Evaluating Visual-Spatiotemporal Coregistration of a Physics-based
Virtual Reality Haptic Interface
Abstract
This study aimed to evaluate the visual-spatiotemporal co-registration of the real and virtual objects’ movement dynamics in a low-cost physics-based virtual reality (VR) system that provides real cutaneous and kinesthetic haptic feedback of the objects instead of computer-generated haptic feedback. Twelve healthy participants performed three human-robot collaborative (HRC) sequential pick-and-place lifting tasks while both motion capture and VR systems respectively traced the movement kinematics of the real and virtual objects. We used an iterative closest point algorithm to transform the 3D spatial point clouds of the VR system into the motion capture system.
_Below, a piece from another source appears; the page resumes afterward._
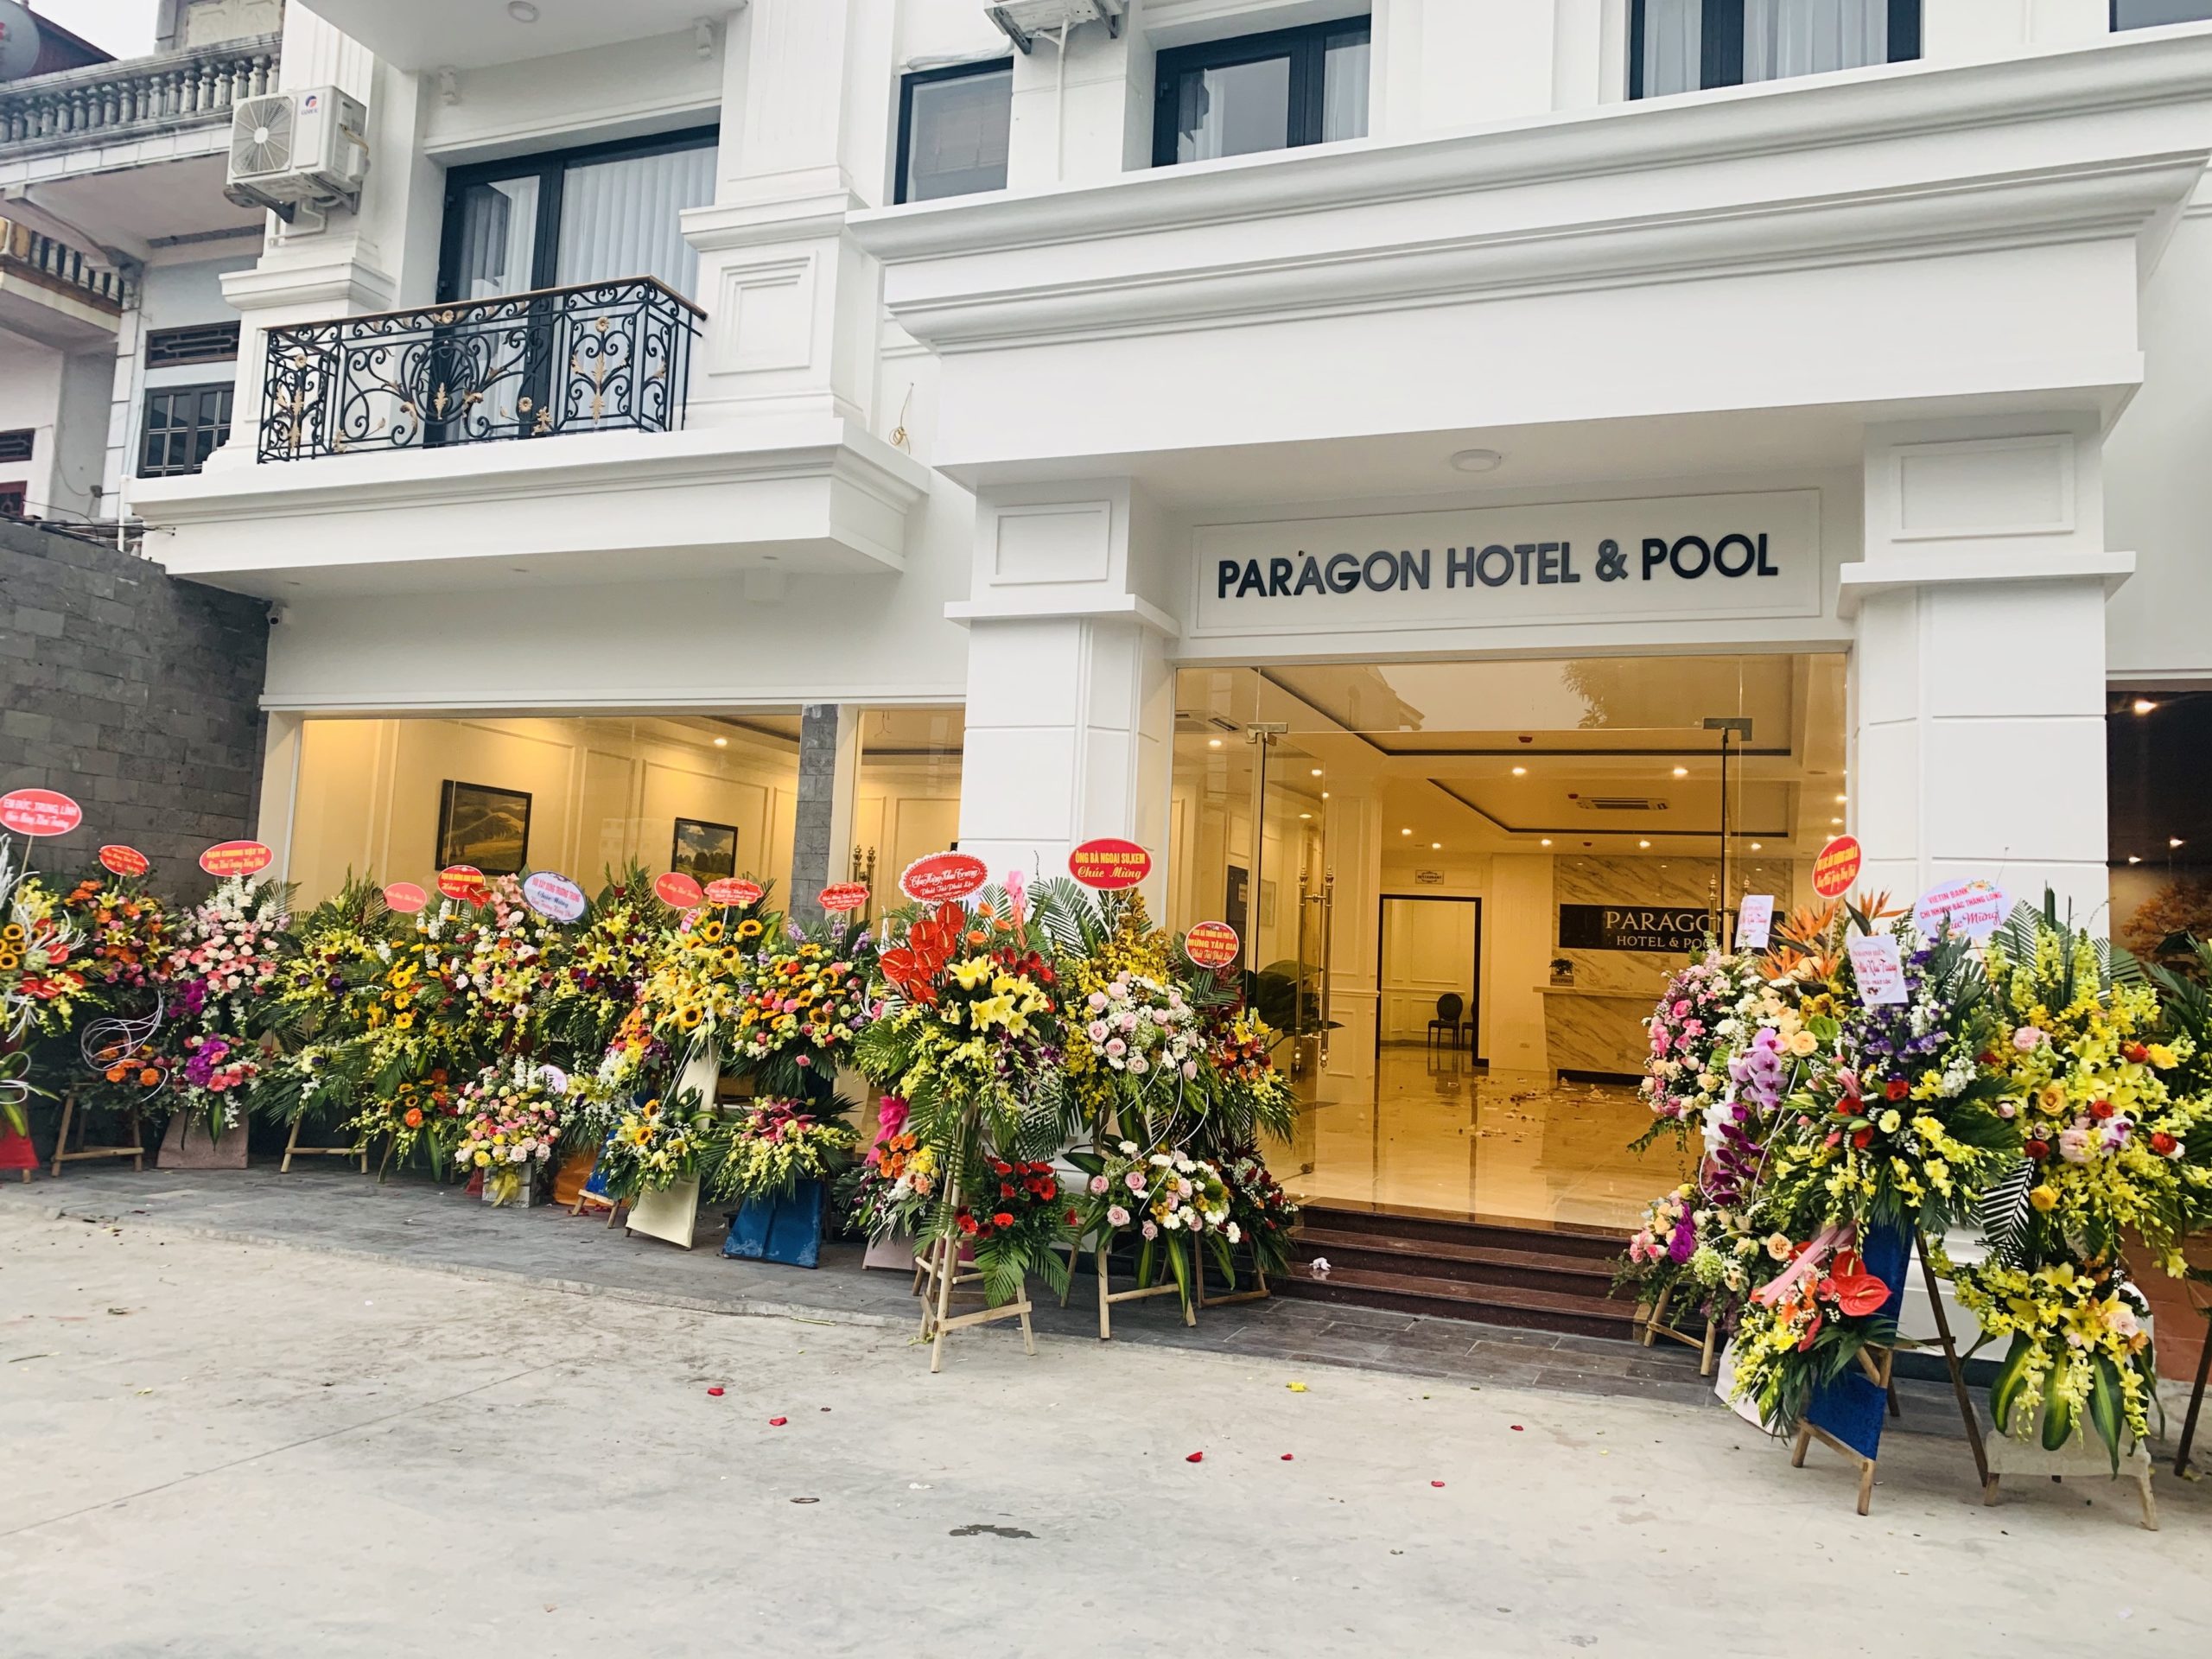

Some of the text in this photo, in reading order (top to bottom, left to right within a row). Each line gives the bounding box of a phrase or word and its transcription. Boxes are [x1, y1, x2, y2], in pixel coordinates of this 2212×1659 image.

We employed a novel algorithm and principal component analysis to respectively calculate visual and spatiotemporal co-registration precisions between virtual and real objects. Results showed a high correlation (r > 0.96) between real and virtual objects’ movement dynamics and linear and angular co-registration errors of less than 5 cm and 8°, respectively. The trend also revealed a low temporal registration error of <12 ms and was only found along the vertical axis. The visual registration data indicated that the real cutaneous and kinesthetic haptics provided by the physical objects in the virtual environment enhanced proprioception and visuomotor functions of the users.